Work required:
Would you write out the records below exactly as given?

** Opening Data records block **

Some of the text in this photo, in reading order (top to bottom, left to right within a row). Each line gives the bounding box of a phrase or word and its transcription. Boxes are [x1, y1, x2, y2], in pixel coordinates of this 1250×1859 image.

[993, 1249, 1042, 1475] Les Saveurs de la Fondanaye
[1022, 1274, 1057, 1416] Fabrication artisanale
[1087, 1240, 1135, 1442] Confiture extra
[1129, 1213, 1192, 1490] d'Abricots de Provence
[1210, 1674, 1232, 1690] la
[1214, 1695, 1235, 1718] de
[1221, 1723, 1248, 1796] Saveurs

** Closing Data records block **

Solved exercise:
Some of the text in this photo, in reading order (top to bottom, left to right within a row). Each line gives the bounding box of a phrase or word and its transcription. Boxes are [x1, y1, x2, y2], in pixel coordinates of this 1250×1859 image.

[993, 1249, 1042, 1475] Les Saveurs de la Fondanaye
[1022, 1274, 1057, 1416] Fabrication artisanale
[1087, 1240, 1135, 1442] Confiture extra
[1129, 1213, 1192, 1490] d'Abricots de Provence
[1210, 1674, 1232, 1690] la
[1214, 1695, 1235, 1718] de
[1221, 1723, 1248, 1796] Saveurs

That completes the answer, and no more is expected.